Garote's
Dream Asylum

I don't pretend to understand them.

22-nov-97

I am dancing in the winter courtyard with all the other teenagers, dressed in upper-caste victorian finery. My friend and I are competing for the attention of one girl, and near the end of the dance we even engage in fisticuffs, demonstrating our bitter love rivalry. Funny, since in other matters, we are good friends.

I am eating a Taqueria Vallarta vegetarian burrito. Occasionally I take a bite out of a head of iceberg lettuce. The lettuce is bland, so I baste it with some tahini sauce. My Dad, also at the dinner table, expresses mild surprise at my choice of toppings.

My companion returns from the war. He is a young adult now, as am I. I am with the rest of the men in the snowy courtyard, line dancing with the women. I am tempted to dash up to the woman we were competing over, grab her, and dance her flambouyantly around the field, to make it really clear to him that, in his five-year absence, I had won over her heart. But I didn't because my good side won out over my mean side.

Now my companion and I are young kids again, around thirteen or fourteen. It is night and we are outside a victorian house, on the front porch. We are talking through the window to a man who is sleepwalking. He is sitting in a chair in the front parlor, listening to our suggestions. We pass items to the man in the room, who follows our instructions in his dazed state.

We tell him to put on some music, then we tell him to switch to the record player. "Here, play this record," I say. He comes up to the window. I move my hand out of his vision and pretend to pick up a record. I'm pretending to have a record so thoroughly that I can almost see it as I pass it through the window. The man is completely fooled. The record is the Beach Boys, and I instruct him to put it near track five, on Surfin' USA.

We walk away for a bit, then come back. In the intervening time, the man has realized he is sleepwalking, gone to the bathroom, and gone upstairs to bed. Hiding in the dark corner of the porch, we observe the housewife receiving a letter through the front door. She opens it, reads it briefly, and then runs upstairs. We hear her shouting to everyone in the house, "Okay everyone; orders!" Then she describes directions and instructions from the official paper.
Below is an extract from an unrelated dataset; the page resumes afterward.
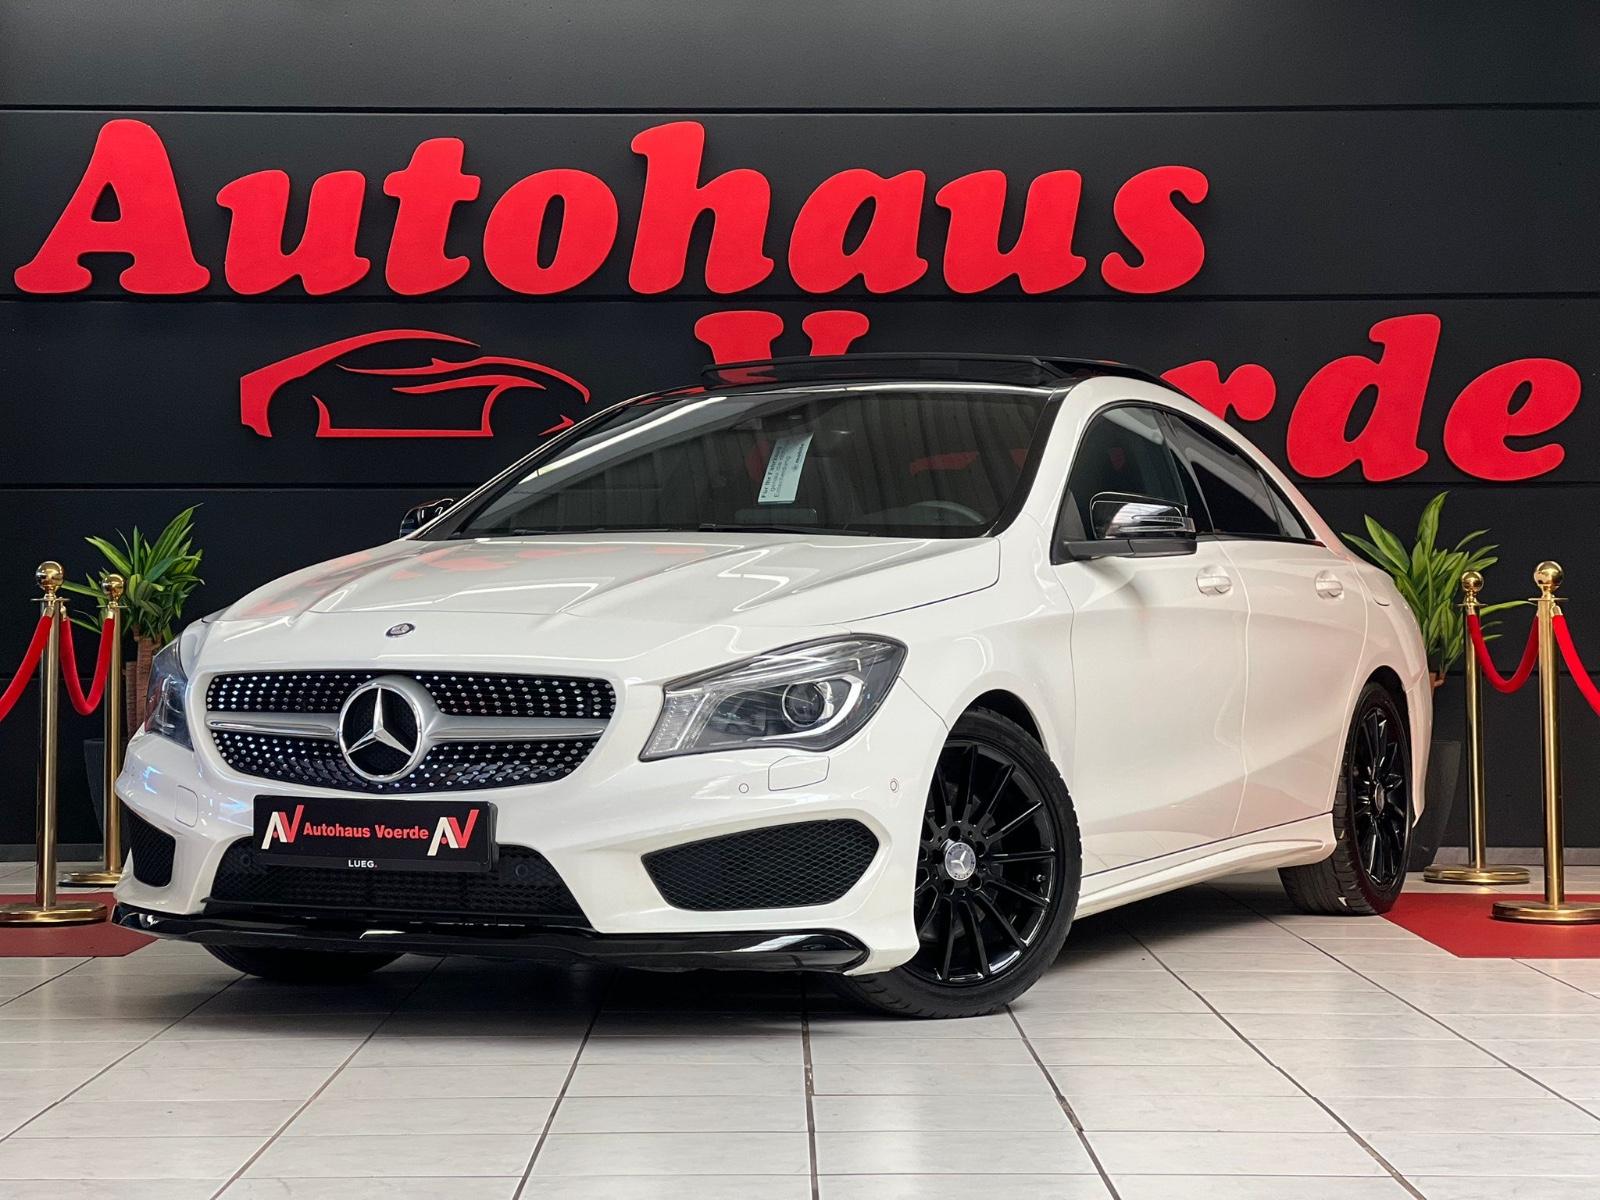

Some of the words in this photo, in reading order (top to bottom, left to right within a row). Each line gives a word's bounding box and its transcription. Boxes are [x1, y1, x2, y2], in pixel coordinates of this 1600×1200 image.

[14, 119, 1210, 296] Autohaus
[694, 310, 1582, 482] rde
[303, 822, 371, 838] Autohaus
[375, 824, 429, 840] Voerde
It is daytime. My friend realizes that the war is on again. He leaps off the porch, onto the swampy, wet ground. On his hands and knees, he crawls along the side of the house. War noises fade in like a symbolic soundtrack. Big black bugs zoom straight at him, making plane noises. He ducks into dirt to avoid getting hit. Funny, I think, because that sort of war device (the bomber) isn't supposed to have been invented yet.
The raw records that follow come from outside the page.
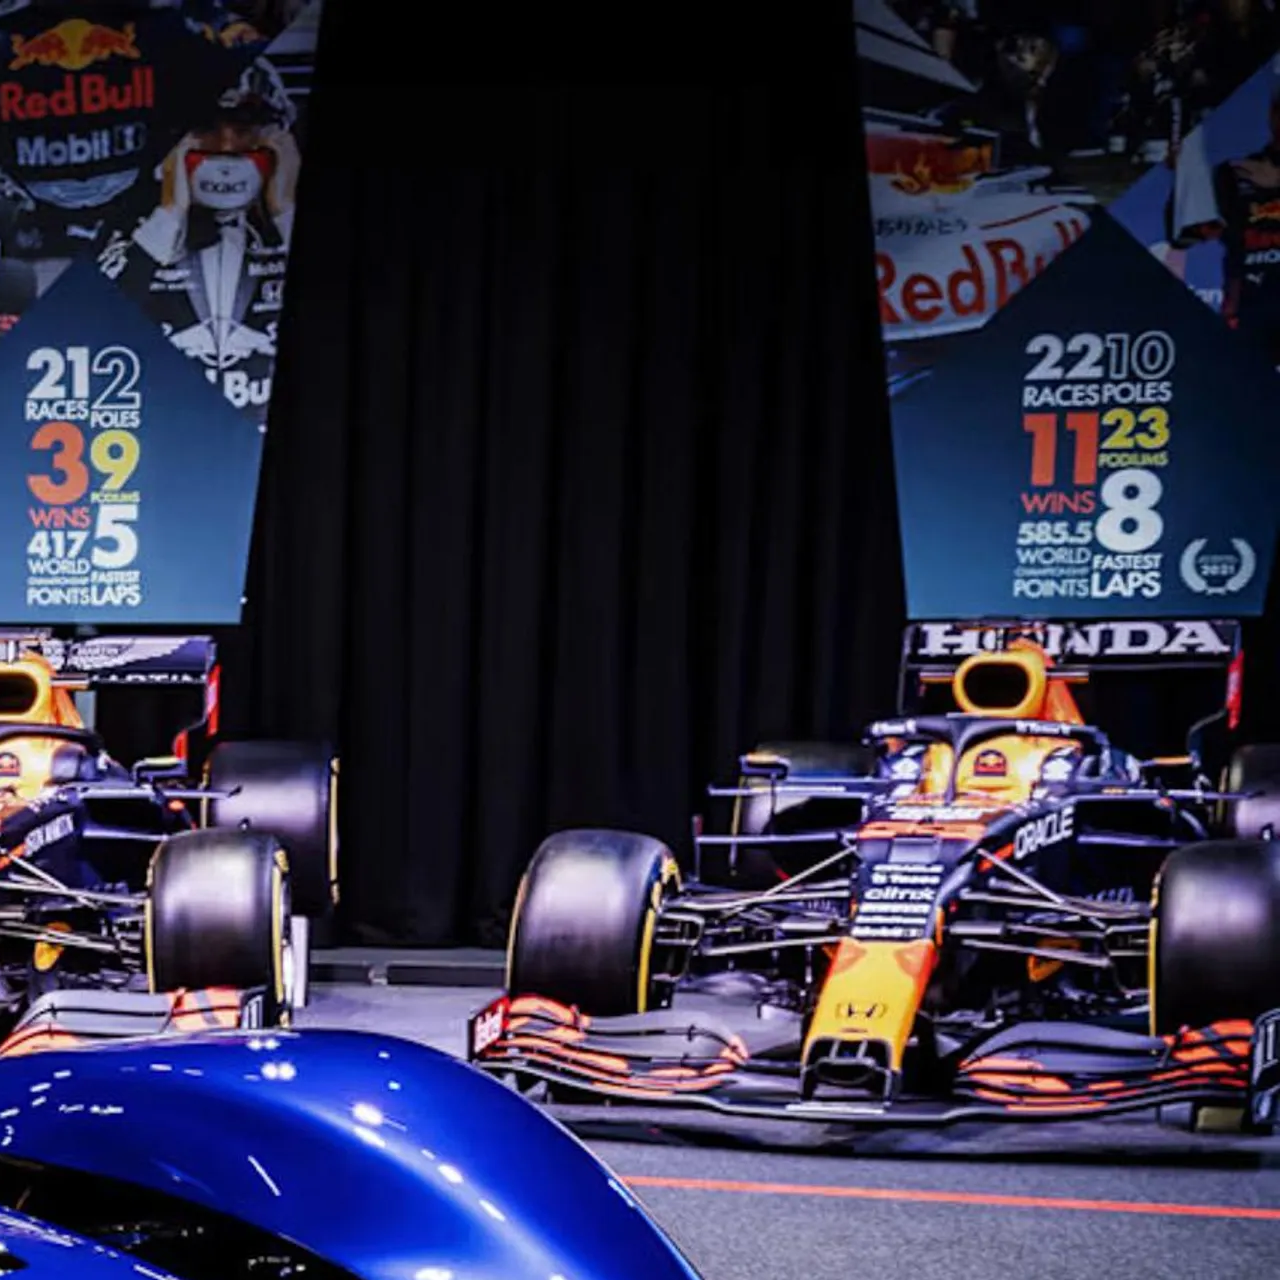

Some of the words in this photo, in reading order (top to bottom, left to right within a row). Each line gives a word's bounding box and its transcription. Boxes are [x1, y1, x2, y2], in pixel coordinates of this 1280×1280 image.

[80, 66, 155, 114] Bull
[16, 129, 111, 166] Mobil
[1024, 334, 1104, 380] 22
[1105, 330, 1175, 380] 10
[26, 347, 89, 400] 21
[91, 346, 141, 410] 2
[1023, 384, 1101, 408] RACES
[1102, 382, 1173, 404] POLES
[25, 400, 89, 420] RACES
[91, 411, 141, 428] POLES
[1100, 407, 1170, 450] 23
[27, 421, 89, 505] 3
[90, 429, 140, 490] 9
[1023, 411, 1099, 487] 11
[1020, 490, 1096, 515] WINS
[1095, 469, 1163, 553] 8
[28, 507, 91, 529] WINS
[27, 531, 90, 560] 417
[91, 503, 138, 569] 5
[1016, 522, 1093, 546] 585.5
[28, 558, 90, 575] WORLD
[1016, 547, 1091, 565] WORLD
[1092, 554, 1162, 570] FASTEST
[26, 587, 90, 607] POINTS
[91, 584, 141, 607] LAPS
[1012, 579, 1089, 598] POINTS
[1091, 571, 1161, 599] LAPS
[1014, 805, 1075, 860] ORACLE
The boy and I scramble around one corner of the brick house, and run to the next corner, where the wall runs next to a chain-link fence, forming a very narrow alley for about five feet. The walls are covered with blackberry vines that we try to break and push aside as we jam ourselves into this alleyway. We are hiding here in order to avoid the recruitment police, who will come for my companion in the form of a huge tank. The tank will come around the side of the building looking for us, but will not be able to see into the alley. We each have some burrito-like packages of food, which we try to guard from the blackberry leaves and the dirt of the brick wall, which we are facing. A narrating voice says that we will hide here for two full years, as the battle rages on.
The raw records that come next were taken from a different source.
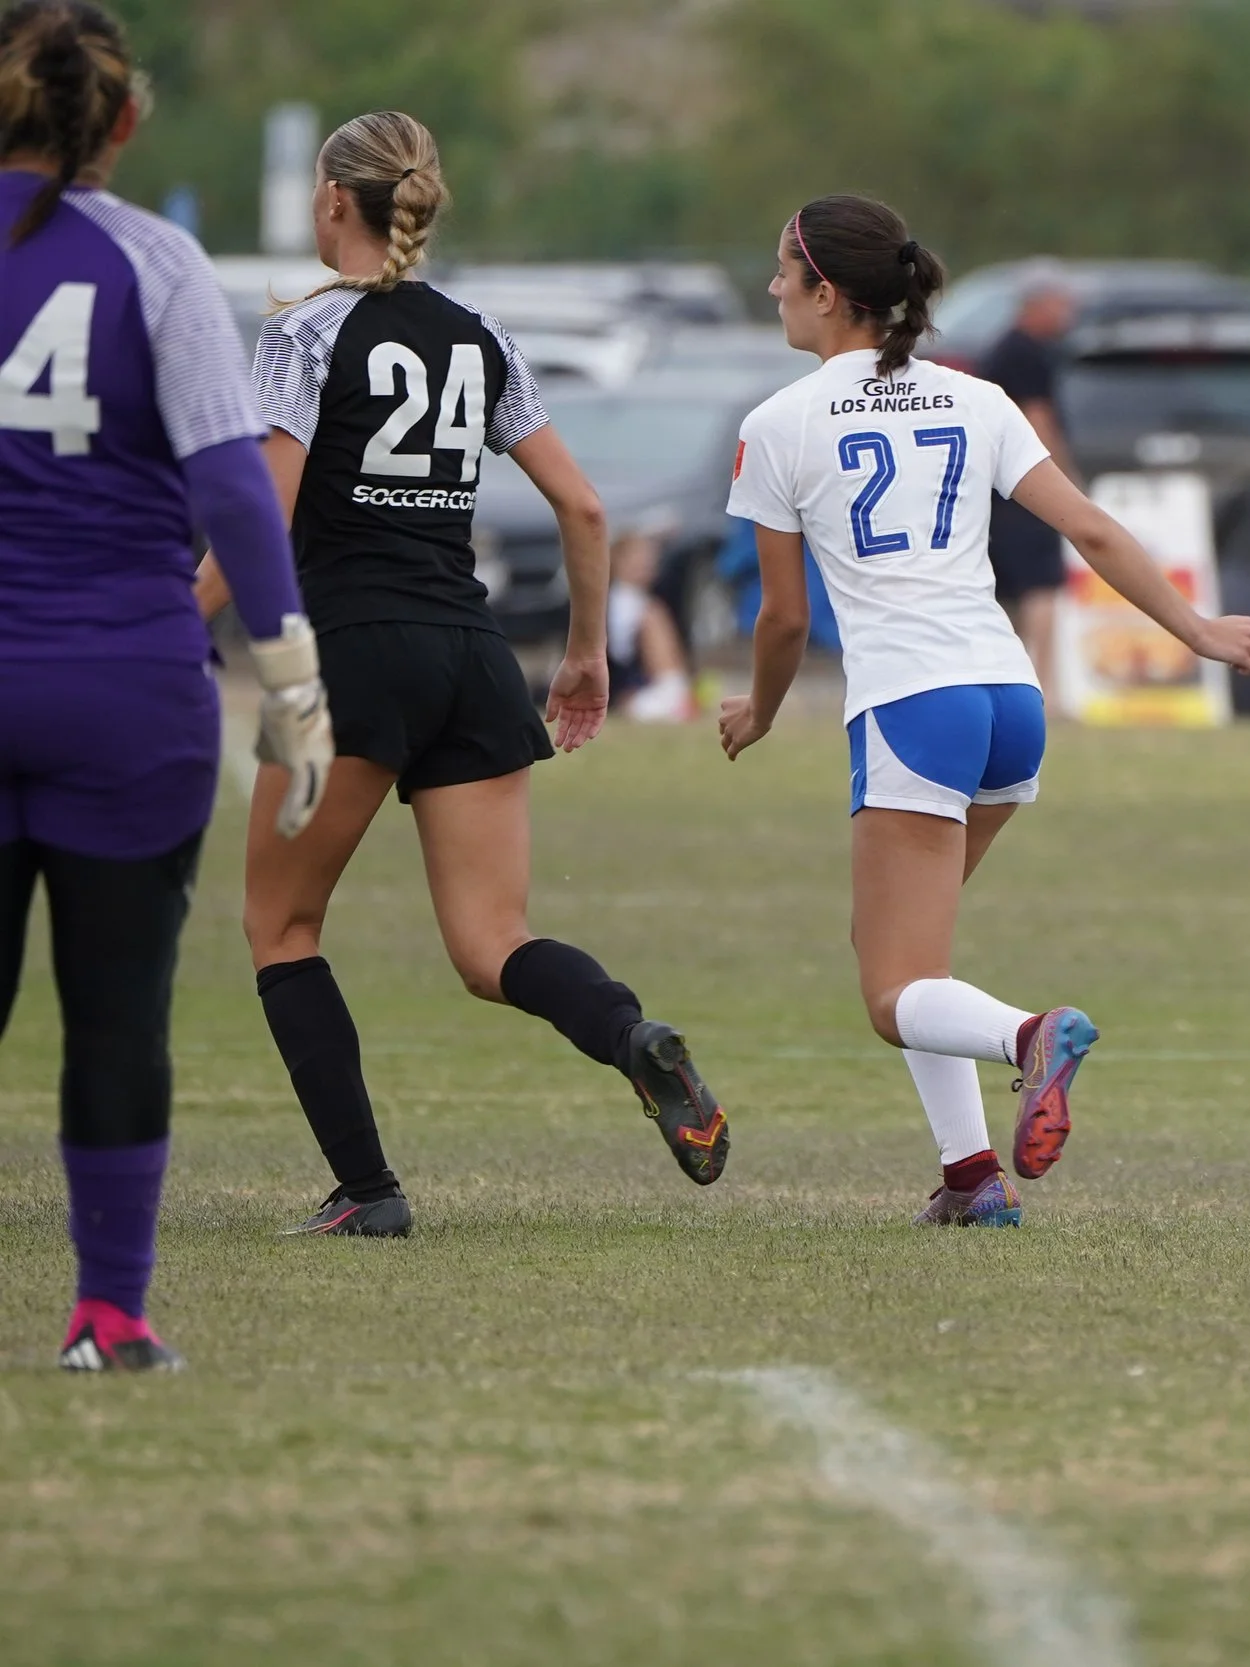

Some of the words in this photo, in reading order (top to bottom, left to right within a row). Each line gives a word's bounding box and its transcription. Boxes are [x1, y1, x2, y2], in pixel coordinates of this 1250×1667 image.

[0, 281, 100, 456] 4
[360, 341, 486, 482] 24
[830, 400, 866, 416] LOS
[870, 395, 954, 413] ANGELES
[863, 380, 917, 397] SURF
[837, 426, 968, 558] 27
At the same time we see a mass movement of troops accross a snowy penninsula. A different incarnation of my companion takes off to join the fight, in the form of a very large spider, traveling by spinning electrical cable. I see the spider moving from my Scotts Valley house to the garage, and onward into the woods. An incarnation of me is accompanying my friend. I am a small tiger, about the size of a leopard but thicker. Now he is a large man, decked out for combat like a barbarian. Others are around us.

My companion and I are on the battlefield, and he is running down a rocky slope to trudge through some water. I jump up onto his shoulders and wrap around him to avoid getting wet. At first he is reluctant to hold me, and keeps setting me down, but finally he splashes into the water and holds me up over his head. I am close to inhabiting the body of my companion in this sequence, but not quite. More of a detatched observer of my tiger form and him. I leap off his hands and onto the shore of the creek, just before he loses his balance, stumbles, and splashes completely into a deep area.

I creep down next to a rock and dip my chin in to get a drink (not how tigers drink, but hey, this is a dream, it's not like a tiger should be afraid of getting wet anyway.) and I watch him splash his way out of the current and to the shore. There is more before and more after, but dammit, I can't remember it.